*** EXCERPTED RECORDS

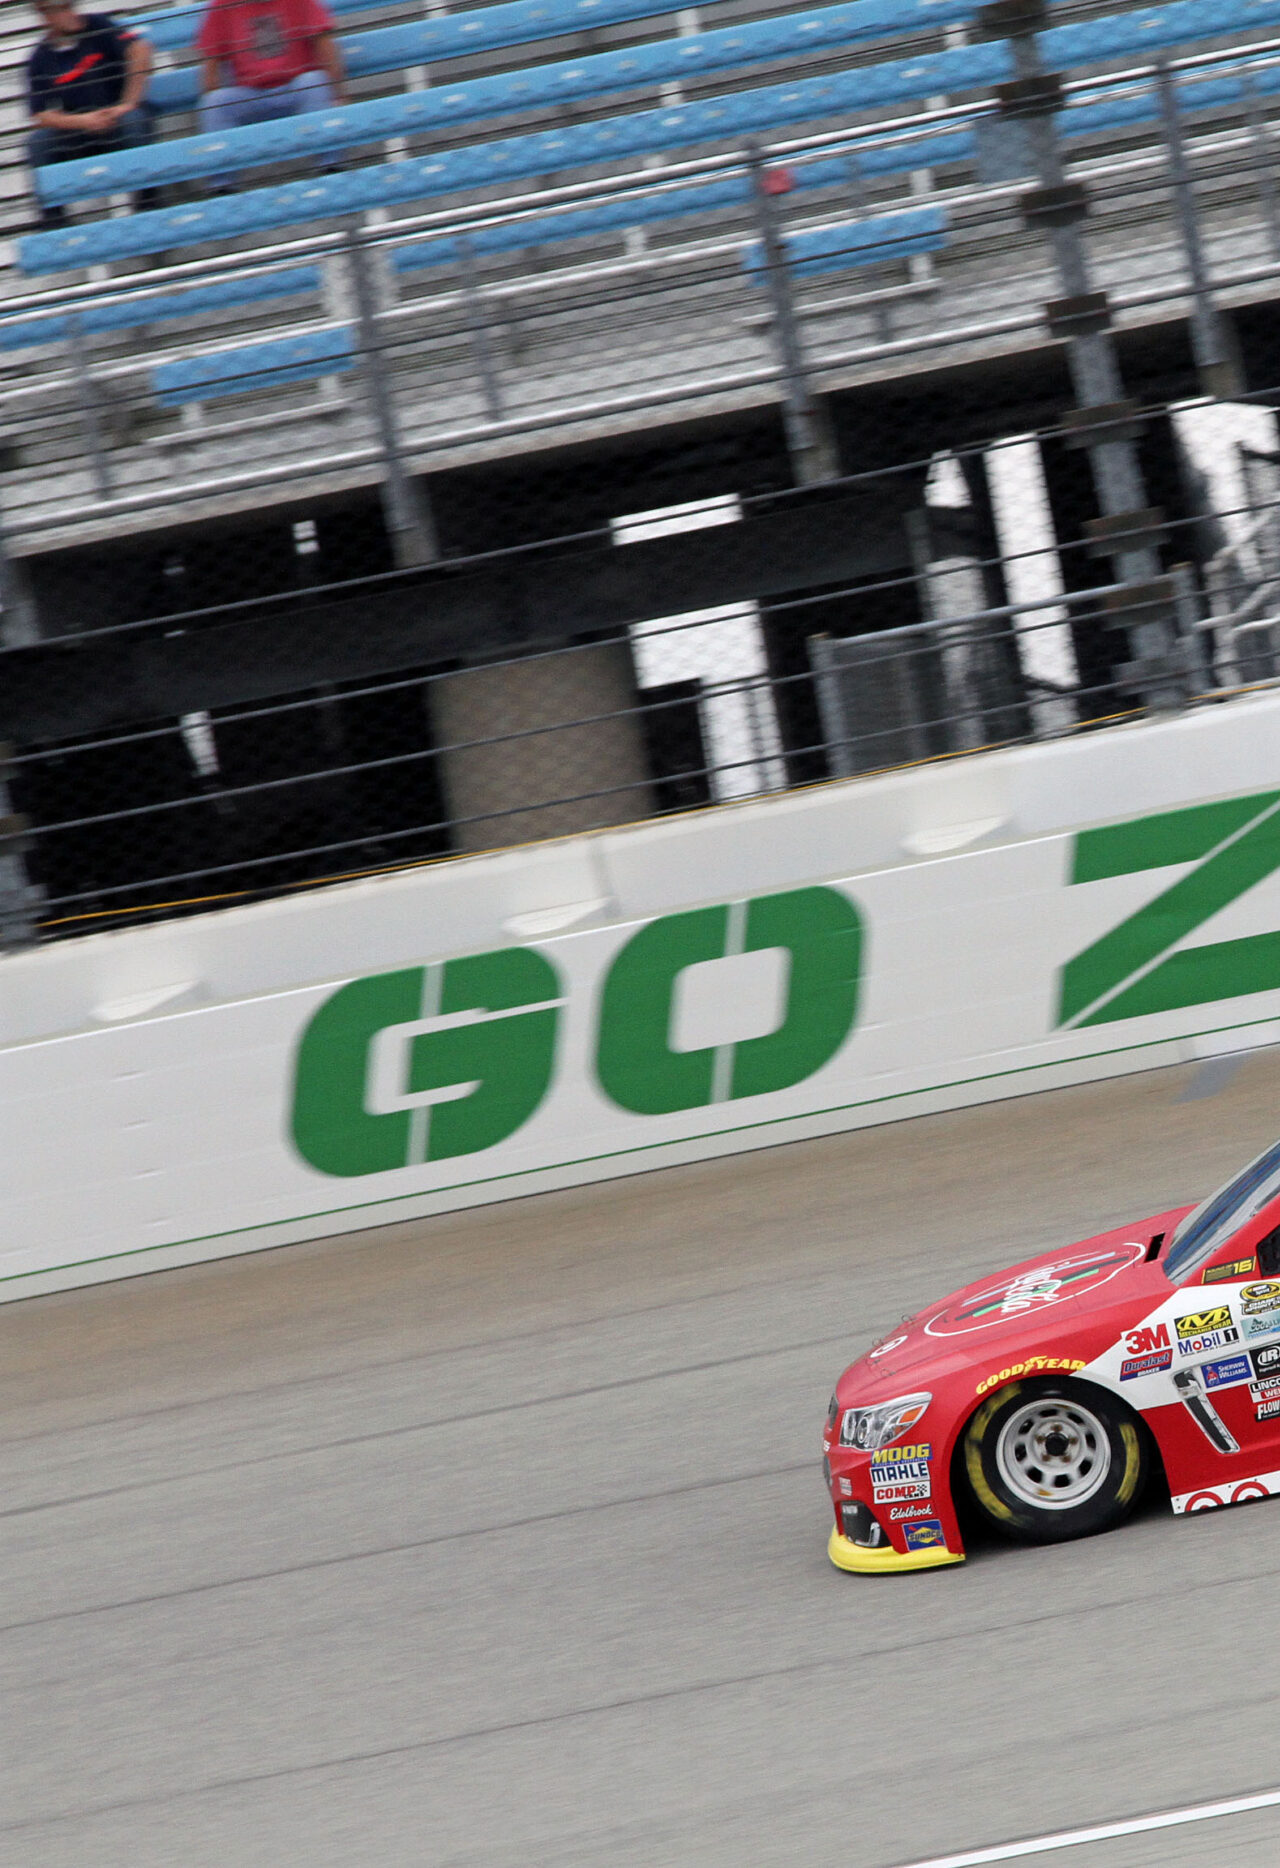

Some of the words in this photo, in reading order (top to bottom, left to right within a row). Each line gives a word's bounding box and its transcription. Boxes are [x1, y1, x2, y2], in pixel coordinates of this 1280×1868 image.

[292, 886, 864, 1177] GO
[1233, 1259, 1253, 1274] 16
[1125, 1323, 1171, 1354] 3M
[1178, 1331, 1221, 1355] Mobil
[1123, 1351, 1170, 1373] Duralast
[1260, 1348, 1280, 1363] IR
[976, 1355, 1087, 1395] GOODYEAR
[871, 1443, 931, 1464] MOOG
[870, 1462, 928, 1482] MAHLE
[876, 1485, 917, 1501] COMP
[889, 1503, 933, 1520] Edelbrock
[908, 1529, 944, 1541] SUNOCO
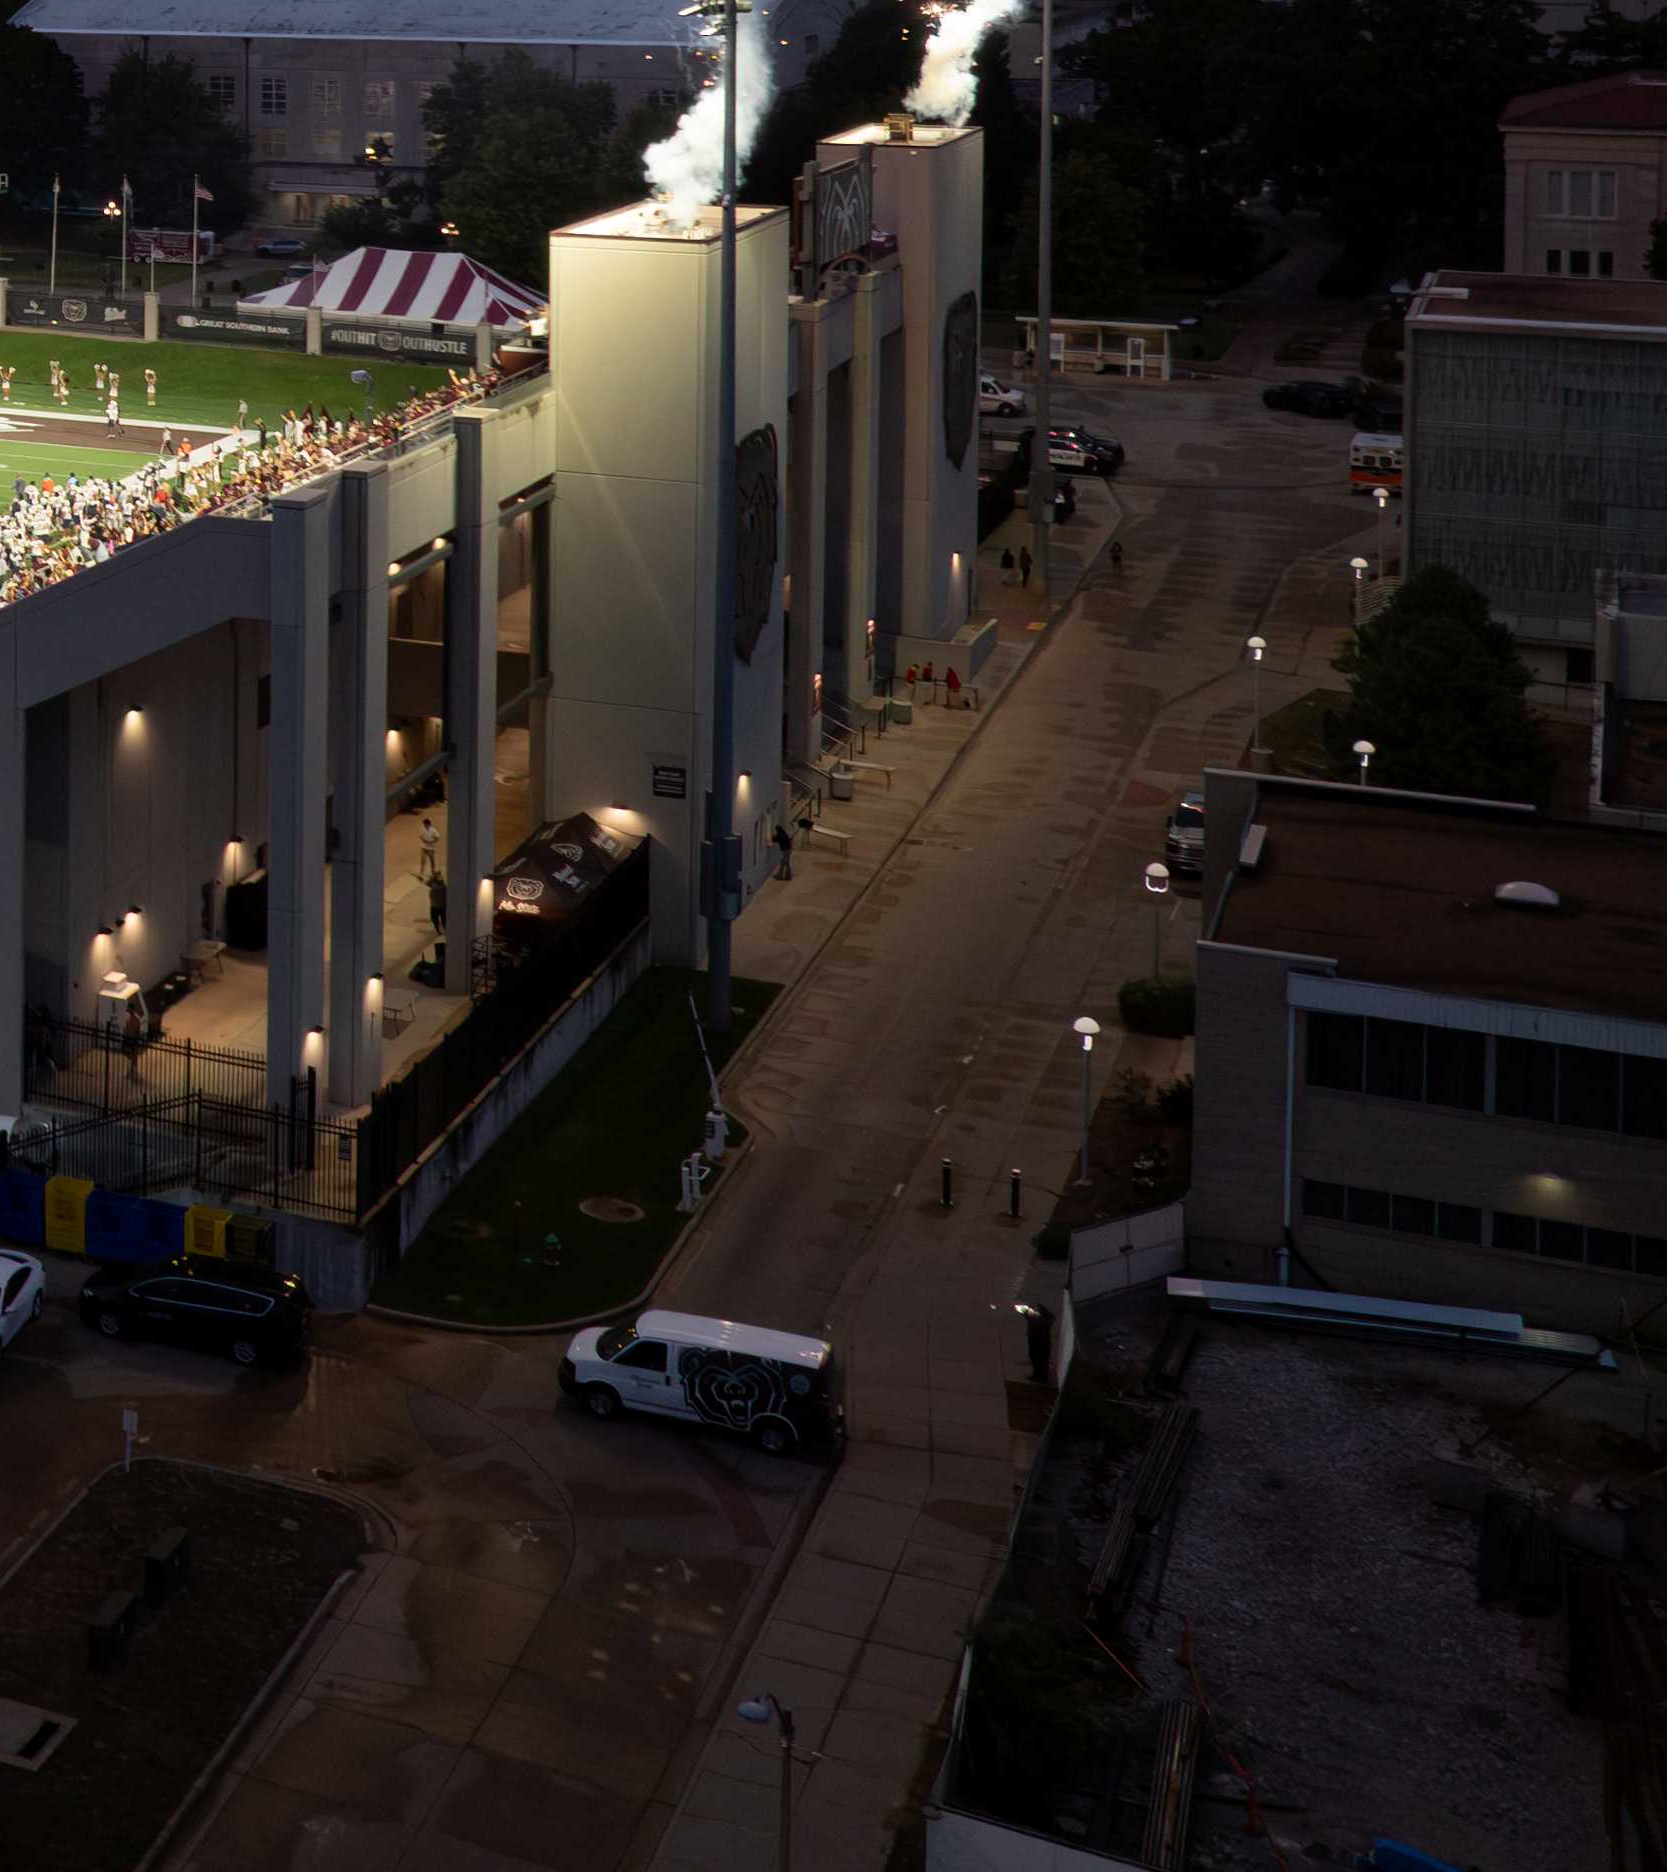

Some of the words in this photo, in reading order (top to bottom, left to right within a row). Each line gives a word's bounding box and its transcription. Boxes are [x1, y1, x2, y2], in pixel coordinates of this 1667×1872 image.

******

DIRECTIONS: Reproduce the data above exactly, leaving out any picture in it.

WRITTEN RESPONSE:
Some of the words in this photo, in reading order (top to bottom, left to right within a row). Each line gives a word's bounding box and its transcription. Boxes are [x1, y1, x2, y2], in pixel coordinates of this 1280×1868 image.

[292, 886, 864, 1177] GO
[1233, 1259, 1253, 1274] 16
[1125, 1323, 1171, 1354] 3M
[1178, 1331, 1221, 1355] Mobil
[1123, 1351, 1170, 1373] Duralast
[1260, 1348, 1280, 1363] IR
[976, 1355, 1087, 1395] GOODYEAR
[871, 1443, 931, 1464] MOOG
[870, 1462, 928, 1482] MAHLE
[876, 1485, 917, 1501] COMP
[889, 1503, 933, 1520] Edelbrock
[908, 1529, 944, 1541] SUNOCO

Some of the words in this photo, in reading order (top to bottom, left to right within a row). Each line gives a word's bounding box and its transcription. Boxes are [x1, y1, x2, y2], in pixel coordinates of this 1667×1872 image.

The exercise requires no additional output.